Acquisition · Market profile

Bend, OR.

Is Airbnb profitable in Bend? Hand-compiled market profile — regulation, economics, saturation.

Score 50/100 · Weak Regulation: Restrictive Tier B — Balanced

ADR (avg)

$185

Occupancy

64%

RevPAR

$118

In-depth analysis

Should you buy an STR in Bend in 2026?

Only with a transferable permit in hand. Bend has one of the strongest dual-season demand profiles in the U.S. Mountain West: summer river, mountain biking, breweries, hiking; winter Mount Bachelor skiing; year-round craft-beer tourism and outdoor culture. ADR sits at $185 with 64% occupancy (one of the highest in this guide) and a market score of 50/100. The score is so low because of one constraint: Bend’s permit cap and 250-foot density rule have effectively closed new STR permits in residential zones.

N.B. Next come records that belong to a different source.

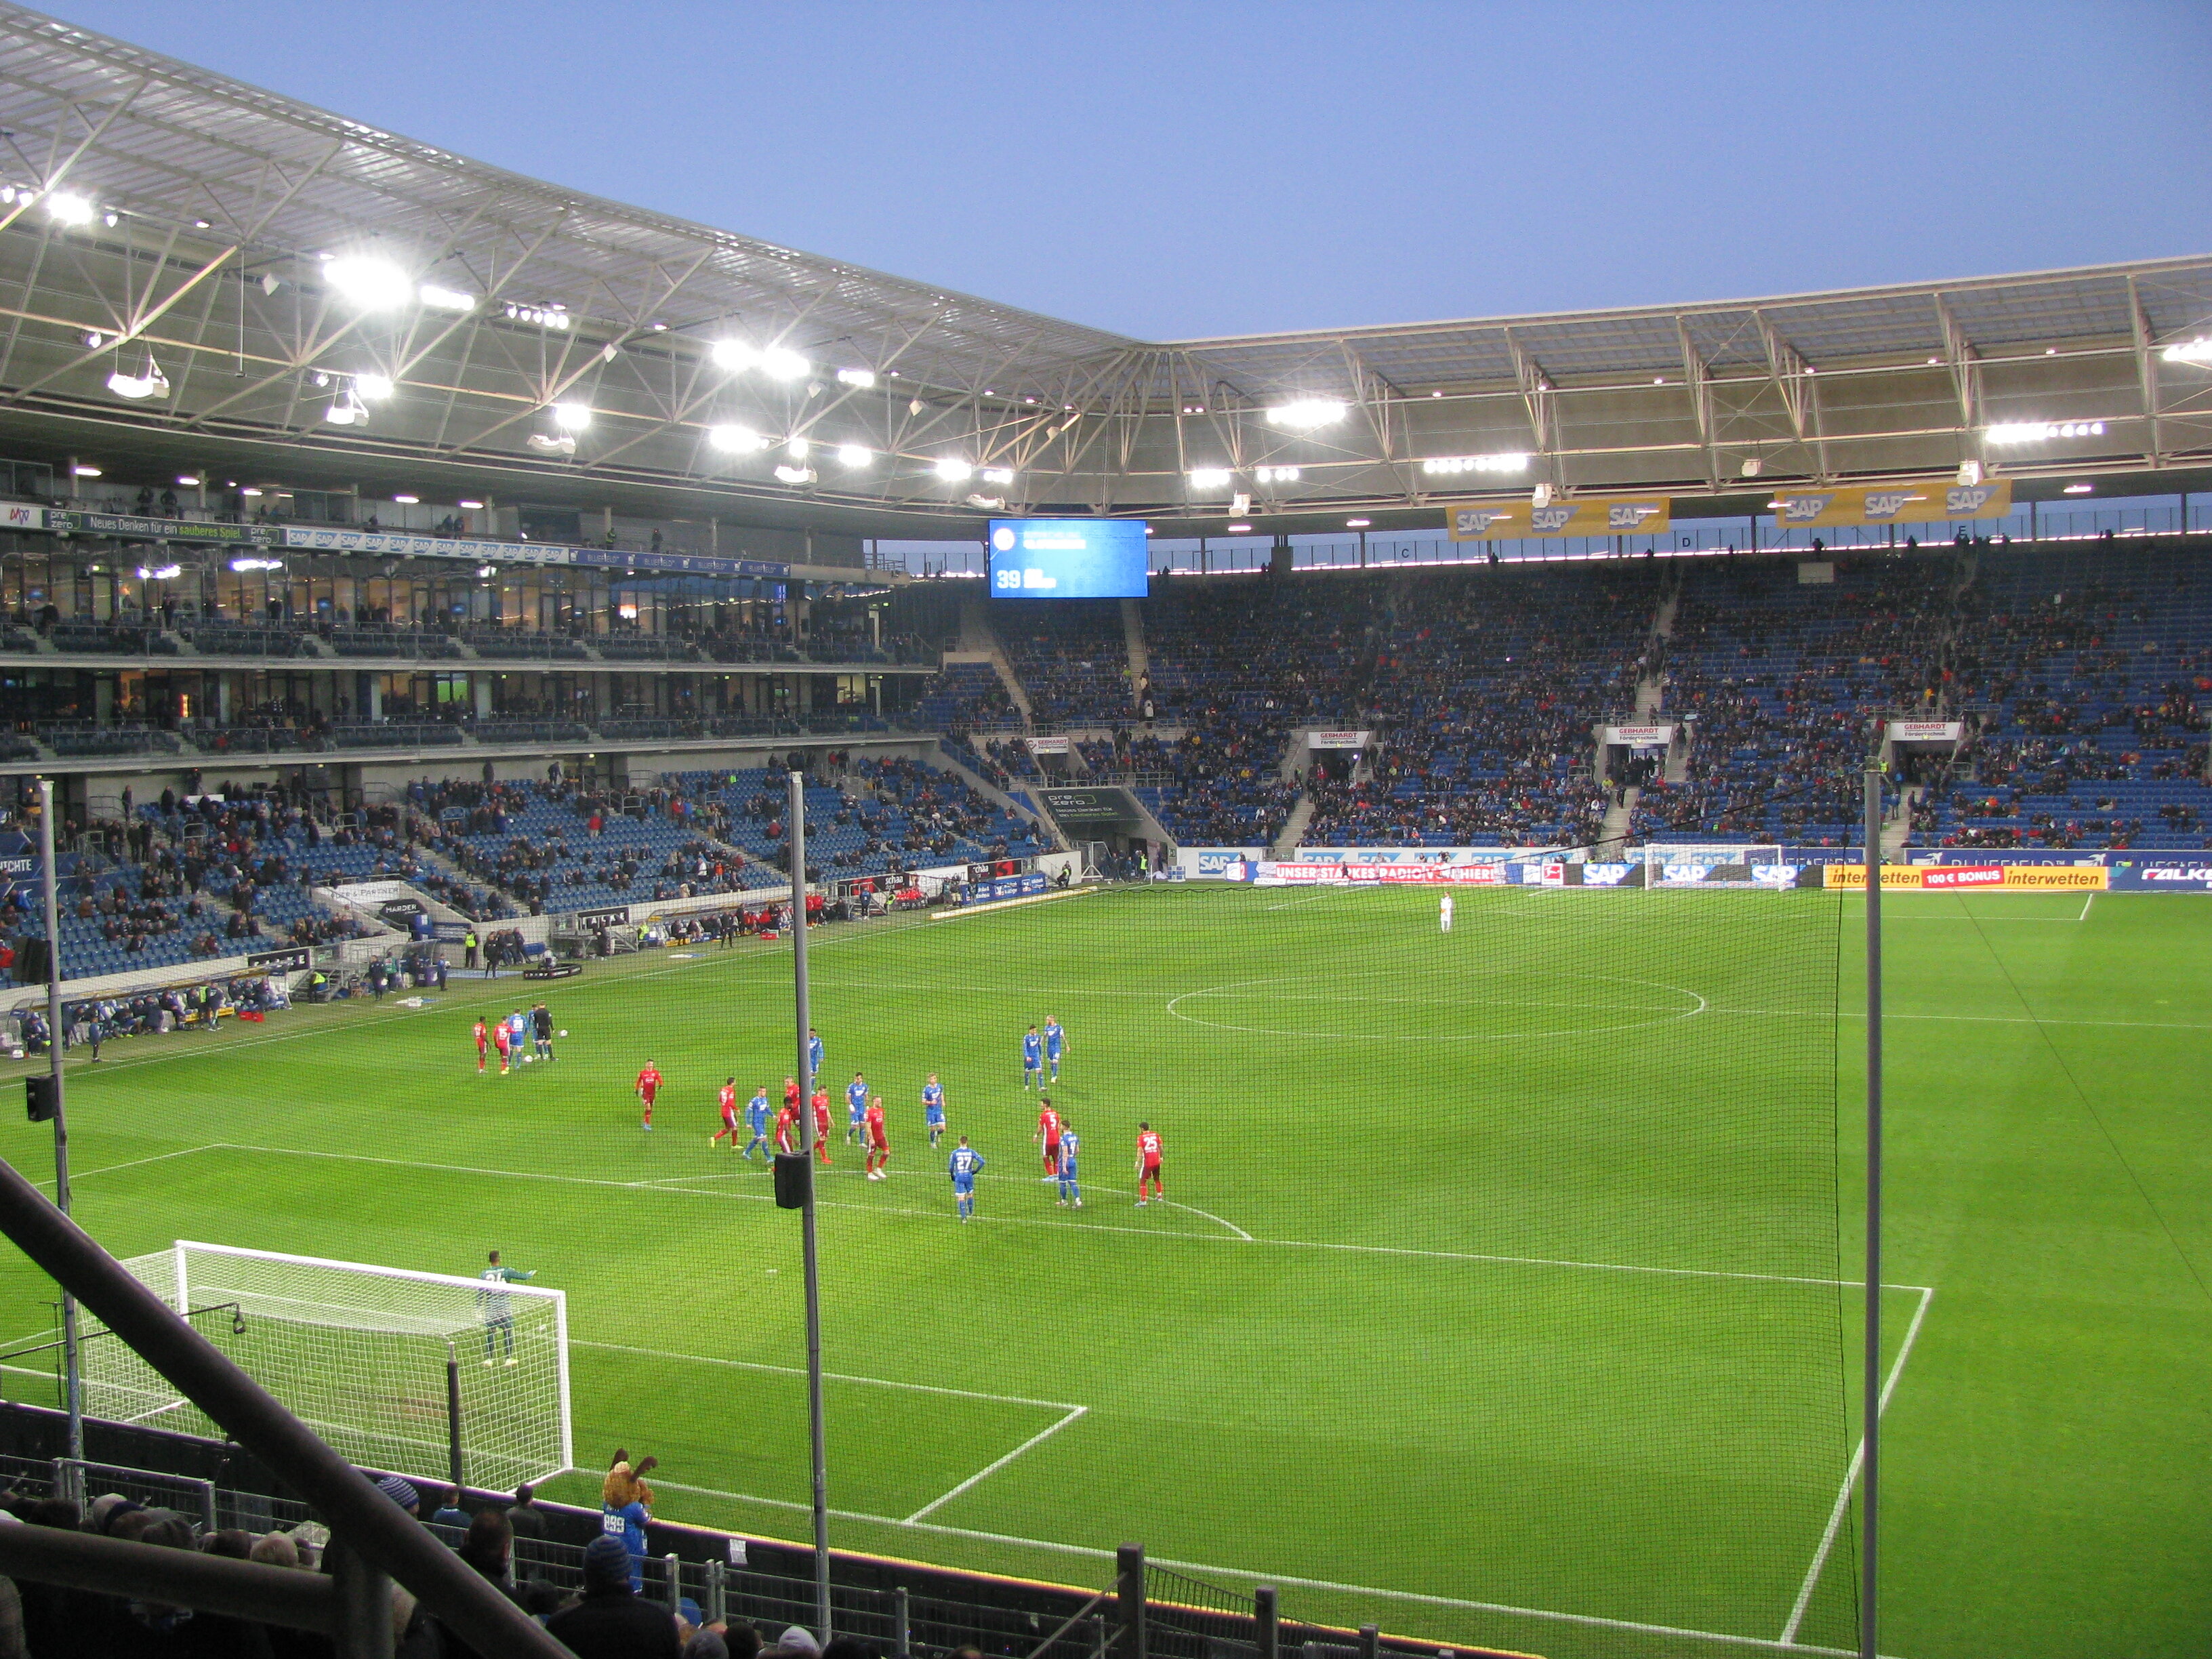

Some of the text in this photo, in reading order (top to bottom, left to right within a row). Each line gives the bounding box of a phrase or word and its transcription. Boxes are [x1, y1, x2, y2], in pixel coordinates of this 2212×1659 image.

[1864, 496, 1903, 515] SAP
[1946, 491, 1986, 510] SAP
[1786, 499, 1822, 518] SAP
[51, 511, 67, 519] pre
[1532, 511, 1568, 529] SAP
[1609, 508, 1647, 525] SAP
[51, 520, 73, 529] zero
[1457, 514, 1491, 531] SAP
[91, 517, 243, 541] Neues Denken für ein sauberes Spiel.
[251, 527, 266, 536] pre
[1959, 525, 1966, 535] E
[251, 535, 271, 544] zero
[290, 532, 307, 542] SAP
[316, 534, 333, 544] SAP
[341, 535, 358, 546] SAP
[365, 537, 382, 547] SAP
[1682, 537, 1691, 547] D
[390, 539, 406, 549] SAP
[413, 541, 429, 551] SAP
[437, 543, 452, 552] SAP
[459, 544, 474, 554] SAP
[481, 546, 495, 556] SAP
[504, 547, 518, 557] SAP
[525, 549, 539, 558] SAP
[546, 550, 559, 560] SAP
[1401, 548, 1409, 558] C
[997, 570, 1021, 589] 39
[972, 864, 989, 873] chaa
[1199, 856, 1231, 871] SAP
[1276, 867, 1317, 878] UNSER
[1379, 868, 1422, 880] RADIO
[1460, 868, 1494, 879] HIER!
[1583, 865, 1625, 884] SAP
[1663, 865, 1706, 881] SAP
[1752, 865, 1796, 882] SAP
[1832, 869, 1919, 884] interetten
[1926, 870, 2000, 884] 100 € BONUS
[2007, 870, 2099, 885] interwetten
[361, 887, 398, 895] PARTNER
[386, 903, 417, 913] HARDER
[1050, 1114, 1057, 1127] 5
[1143, 1136, 1157, 1151] 25
[957, 1156, 972, 1170] 27

Regulation: where the city stands

The City of Bend’s Type II STR ordinance (the relevant category for most investors) requires:

  • Type II permit for non-owner-occupied SFR in residential zones.
  • 250-foot separation rule — no two Type II STRs within 250 feet of each other.
  • Cap on total permits per zone — most zones are at or near cap.
  • Type I permits (owner-occupied) — available with primary-residence requirement.
  • Deschutes County (outside city limits) — different rules; verify.
  • Sunriver / Sisters / Redmond — separate jurisdictions with separate (often more permissive) STR rules.

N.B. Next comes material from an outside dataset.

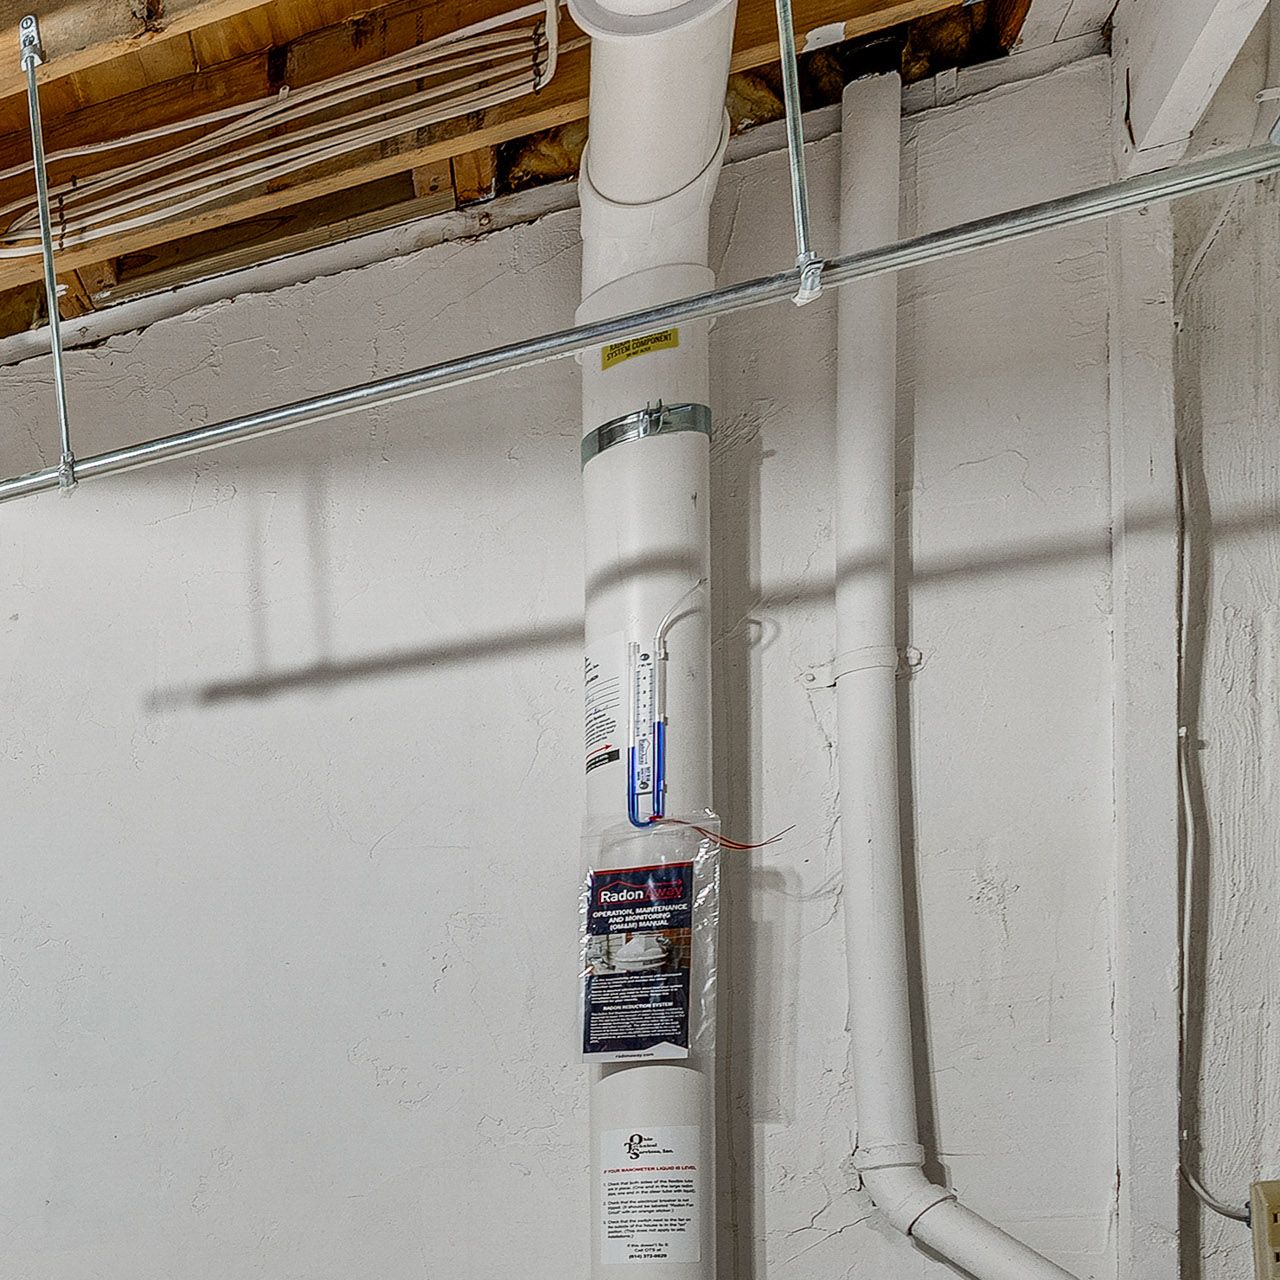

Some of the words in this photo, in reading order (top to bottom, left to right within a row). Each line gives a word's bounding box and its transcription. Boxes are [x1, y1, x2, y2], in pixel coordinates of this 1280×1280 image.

[606, 345, 631, 361] SYSTEM
[631, 333, 673, 350] COMPONENT
[608, 916, 624, 924] AND
[625, 912, 671, 922] MONITORING

In practice: Bend Type II permits trade with the property at a meaningful premium. A residential SFR without an existing permit cannot legally be operated as a non-owner-occupied STR. The permit is part of what you’re buying.

The market by the numbers

MetricBendComparison
Avg ADR$185Strong mid-tier
Occupancy64%Top-of-guide blended
RevPAR$118Solid
Market score50/100Permit cap drags otherwise strong market

Source: AirDNA-comparable industry averages. Demand is genuinely four-season — summer mountain biking and rafting, winter skiing, fall fly-fishing — which sustains occupancy through shoulder months better than most ski markets.

Submarkets that matter

  • Old Town / Downtown Bend — walkable; brewery district; highest ADR; tightest permit constraint.
  • Westside (Galveston, NW Crossing, Awbrey Butte) — popular residential; Type II permits scarce.
  • Eastside / Pilot Butte — lower-cost basis; mid-tier ADR; Type II permits scarce.
  • Sunriver (separate, in Deschutes County) — resort community; different rules; HOA-managed.
  • Tetherow / Cascade Lakes area — destination-resort STR; HOA-permission-dependent.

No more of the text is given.